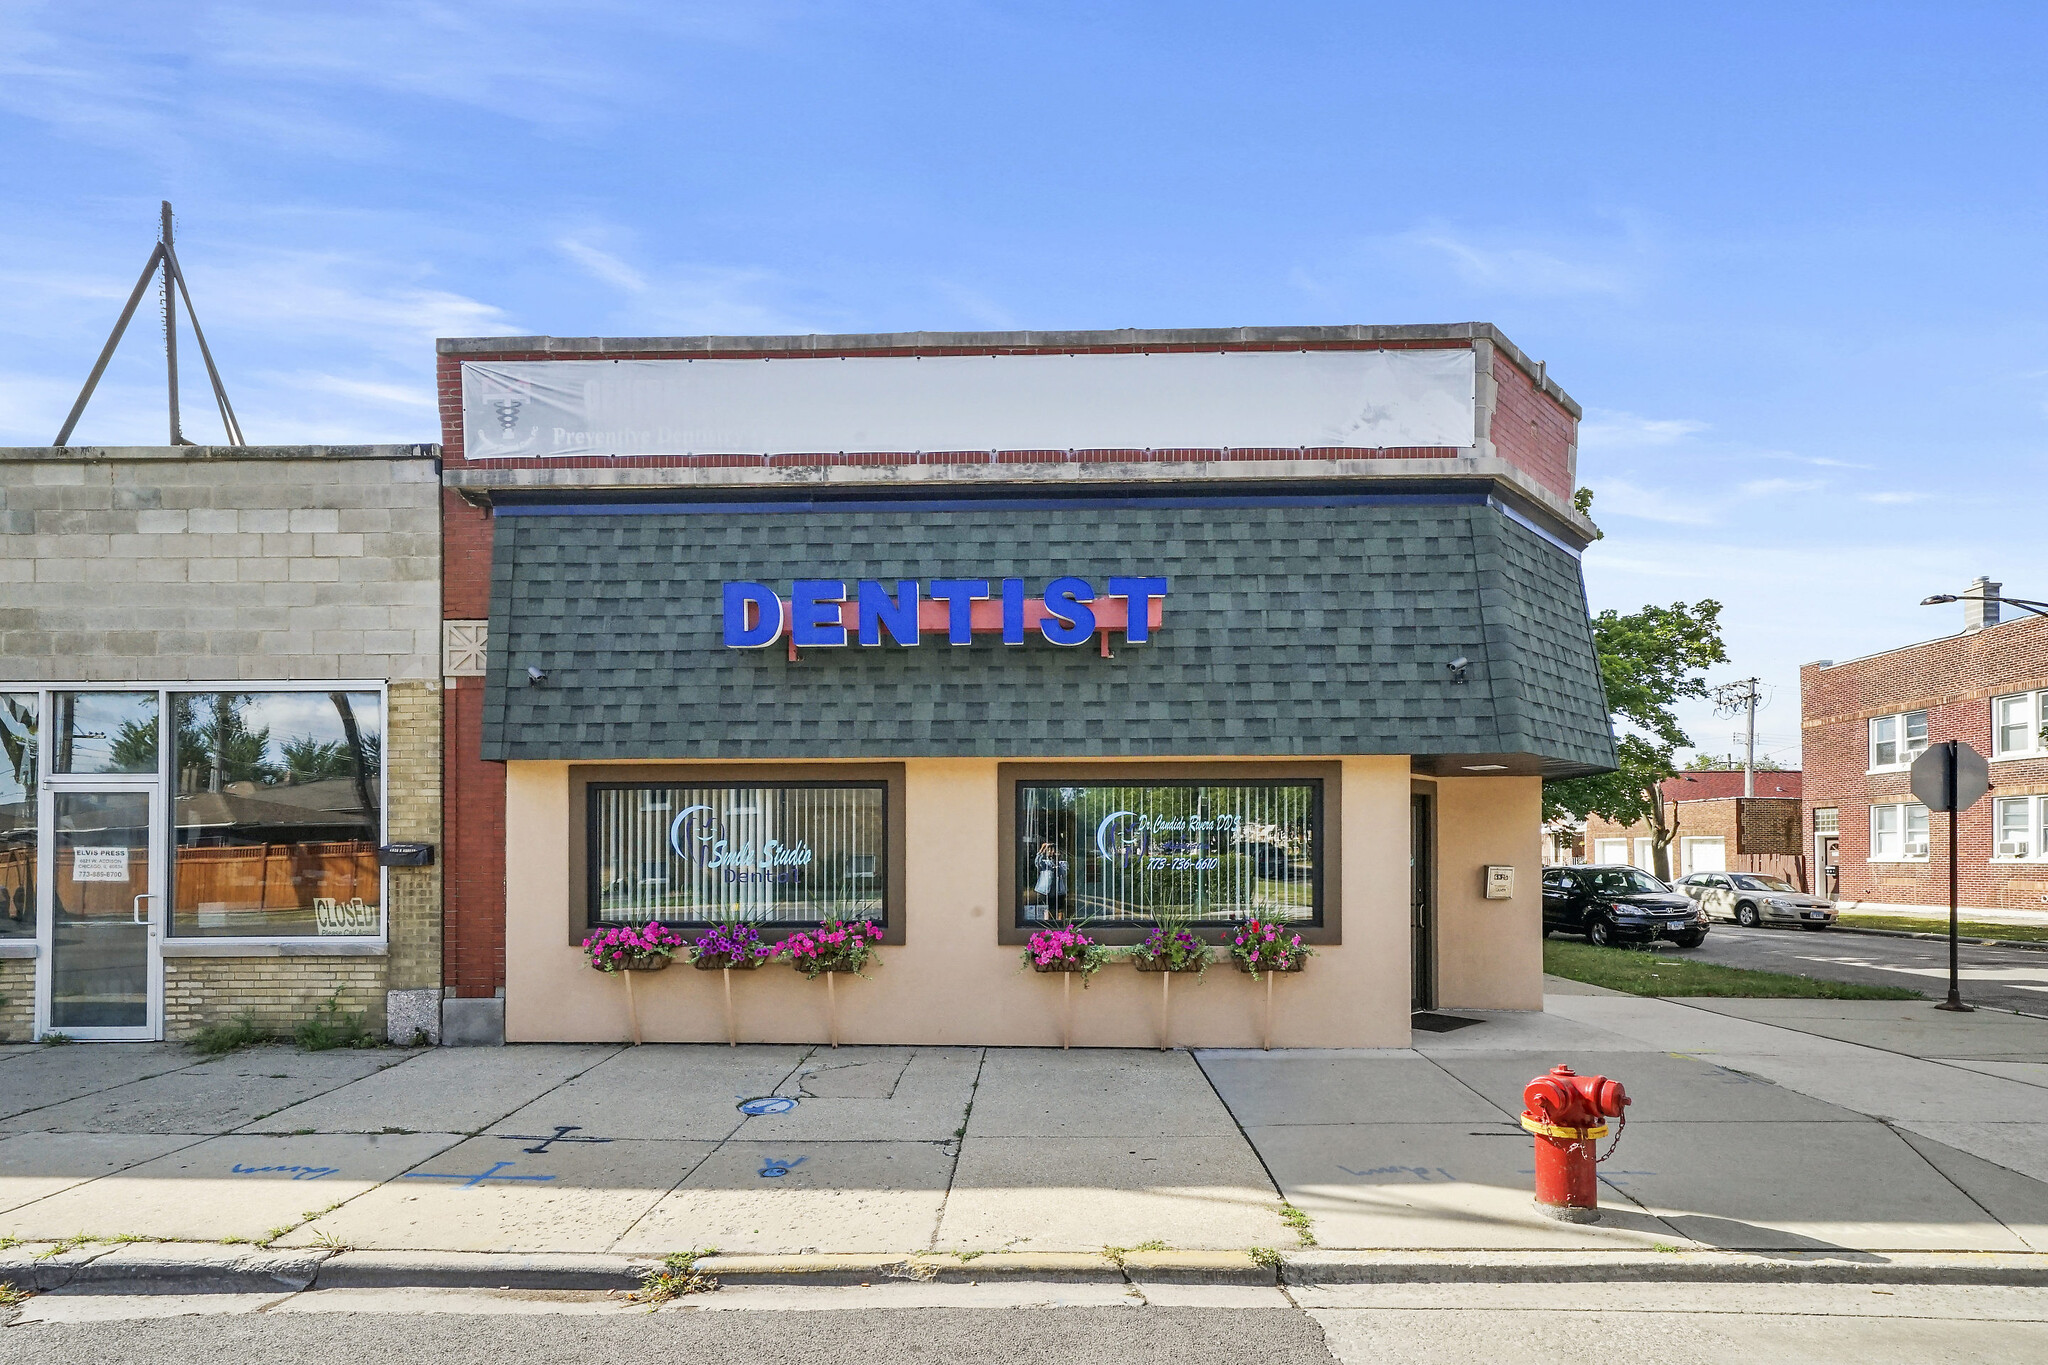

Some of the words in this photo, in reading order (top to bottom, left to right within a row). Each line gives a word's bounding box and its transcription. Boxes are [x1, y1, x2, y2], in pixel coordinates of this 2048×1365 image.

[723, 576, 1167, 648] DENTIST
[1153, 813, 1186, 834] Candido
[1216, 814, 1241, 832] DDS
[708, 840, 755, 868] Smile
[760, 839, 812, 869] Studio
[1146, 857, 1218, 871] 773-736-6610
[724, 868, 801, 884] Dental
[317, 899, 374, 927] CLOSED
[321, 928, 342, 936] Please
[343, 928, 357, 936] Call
::::
Problem: The answer should be the full material above, printed exactly, with no pictures in it.

Answer to this problem:
Some of the words in this photo, in reading order (top to bottom, left to right within a row). Each line gives a word's bounding box and its transcription. Boxes are [x1, y1, x2, y2], in pixel coordinates of this 2048×1365 image.

[723, 576, 1167, 648] DENTIST
[1153, 813, 1186, 834] Candido
[1216, 814, 1241, 832] DDS
[708, 840, 755, 868] Smile
[760, 839, 812, 869] Studio
[1146, 857, 1218, 871] 773-736-6610
[724, 868, 801, 884] Dental
[317, 899, 374, 927] CLOSED
[321, 928, 342, 936] Please
[343, 928, 357, 936] Call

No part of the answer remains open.